## TASK STATEMENT
Could you retype the records below exactly as they appear, skipping any pictures?

## DATA SECTION
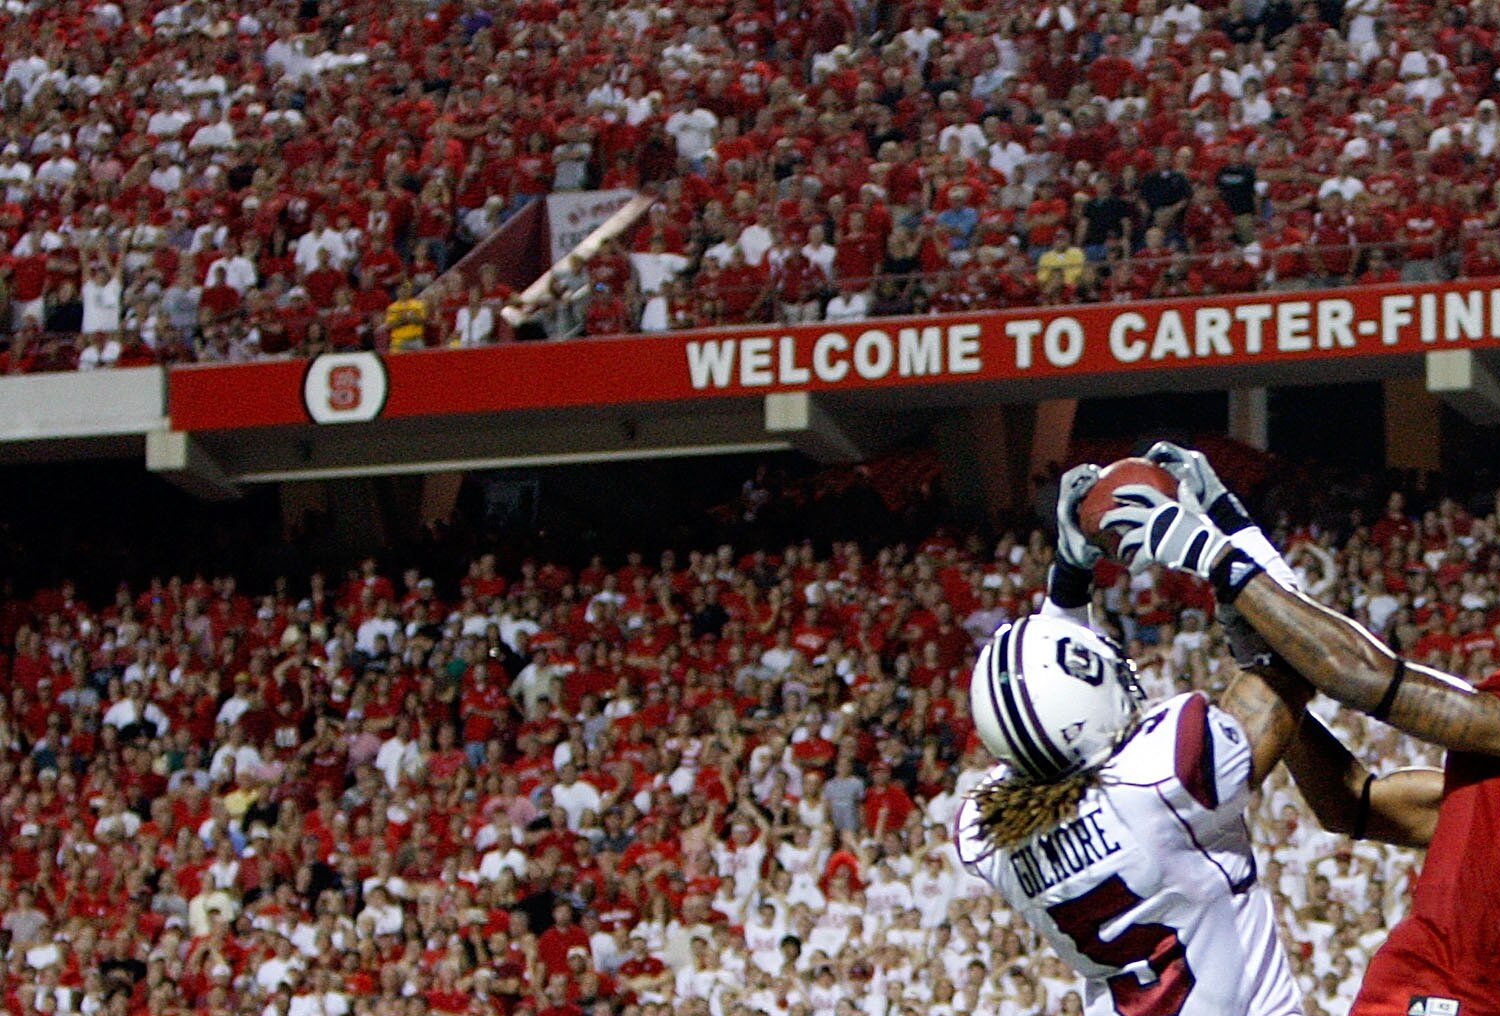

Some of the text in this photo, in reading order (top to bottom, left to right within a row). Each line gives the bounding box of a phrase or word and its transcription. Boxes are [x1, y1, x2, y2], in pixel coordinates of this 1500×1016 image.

[686, 324, 982, 390] WELCOME
[1005, 316, 1086, 370] TO
[1009, 807, 1122, 898] GILMORE
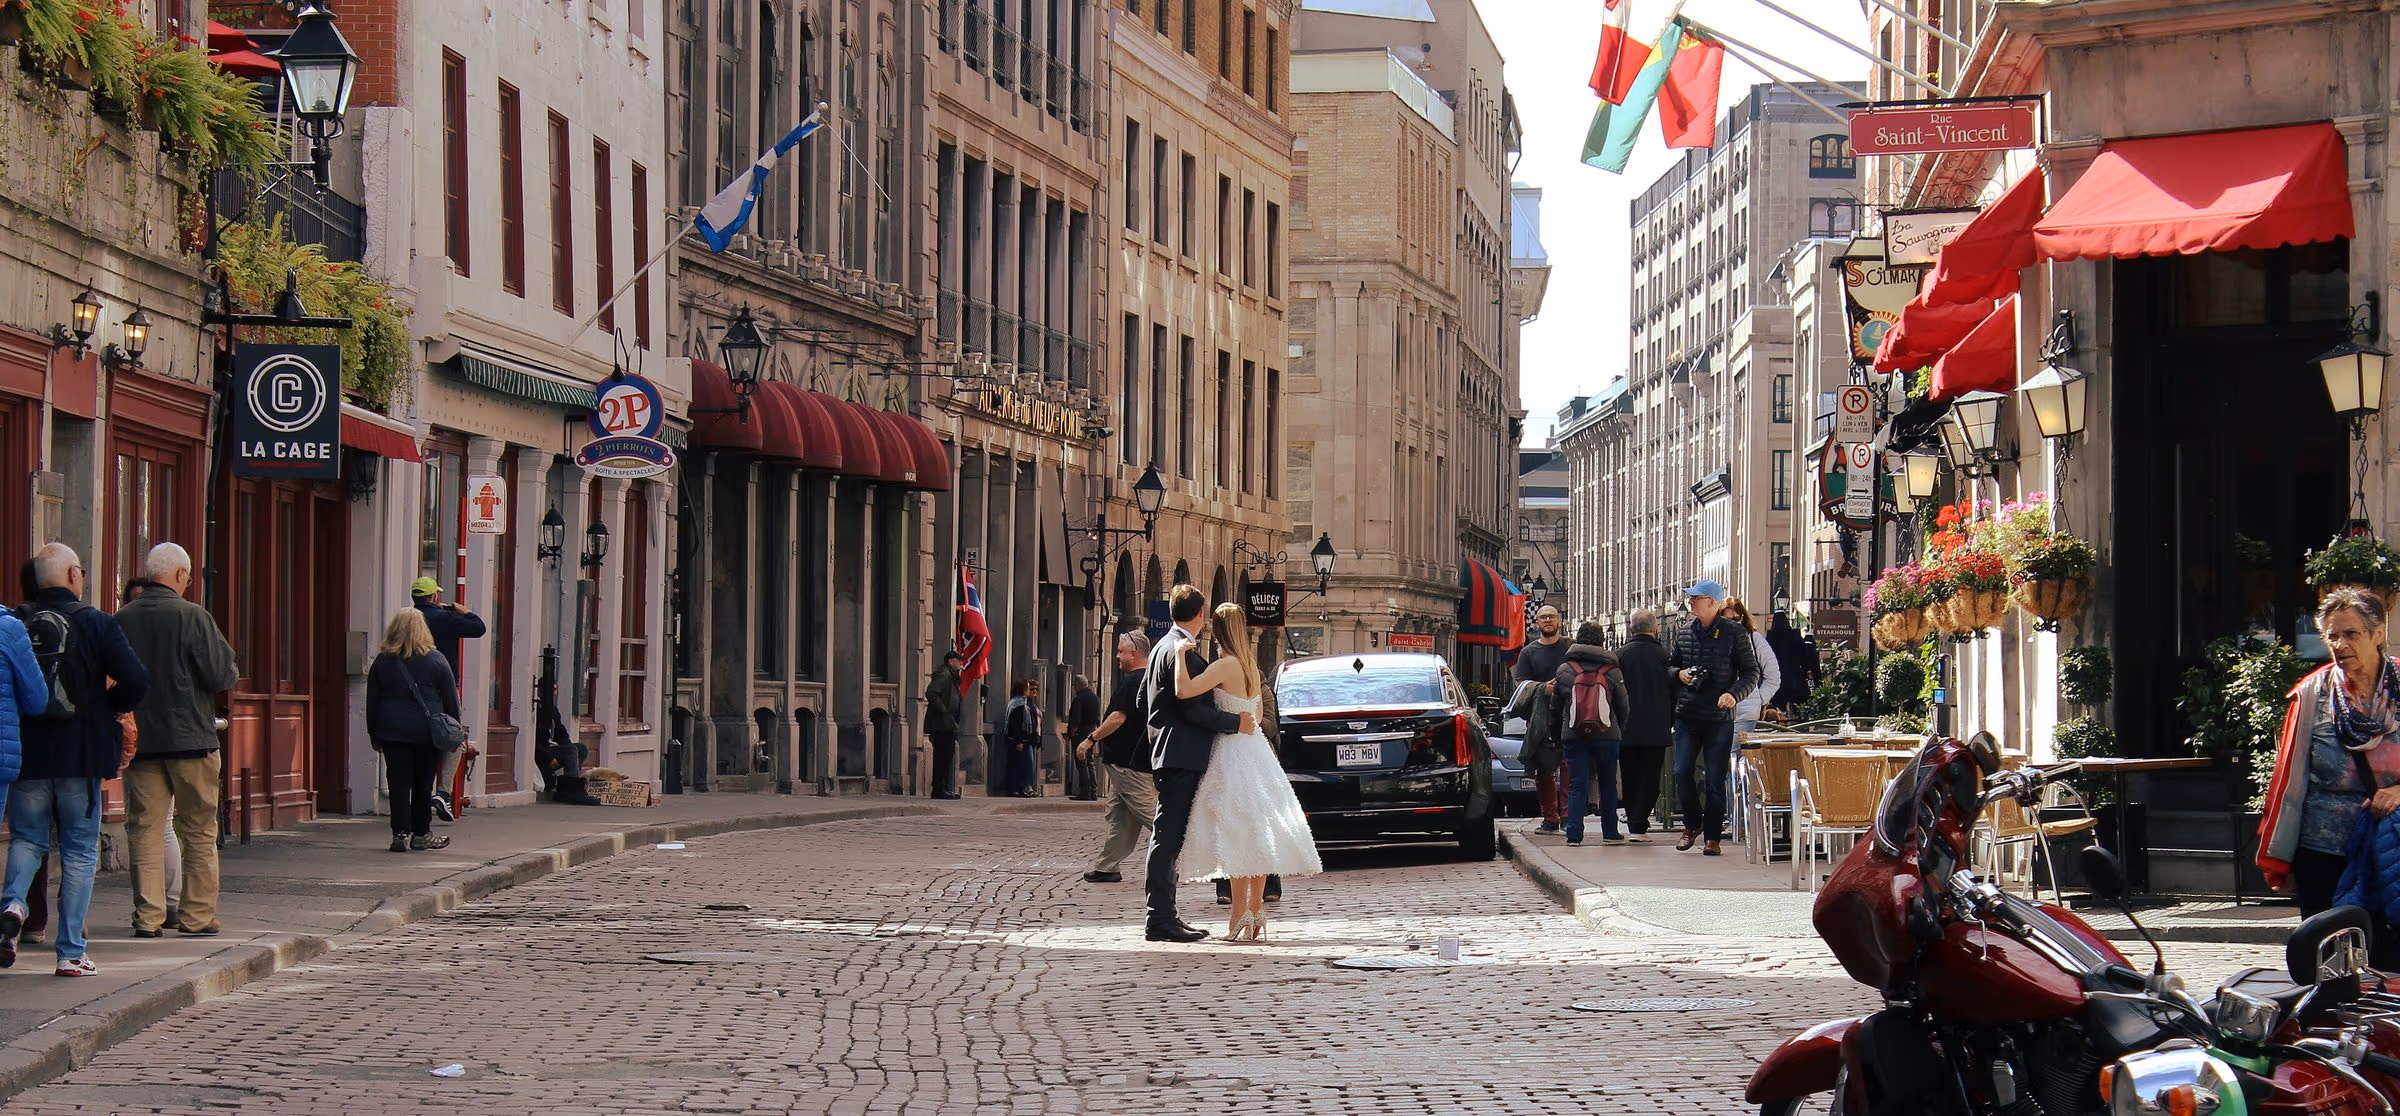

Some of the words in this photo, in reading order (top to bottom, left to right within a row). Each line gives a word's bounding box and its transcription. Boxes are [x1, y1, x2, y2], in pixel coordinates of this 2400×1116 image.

## EXERCISE OUTPUT
Some of the text in this photo, in reading order (top to bottom, left to right within a row). Each line gives the bounding box of a phrase or word and its transcription. Boxes are [x1, y1, x2, y2], in pixel coordinates of this 1500×1016 image.

[686, 324, 982, 390] WELCOME
[1005, 316, 1086, 370] TO
[1009, 807, 1122, 898] GILMORE

Some of the words in this photo, in reading order (top to bottom, left to right within a row). Each line gives a word's bounding box and its transcription. Boxes are [x1, y1, x2, y2], in pixel coordinates of this 2400×1116 image.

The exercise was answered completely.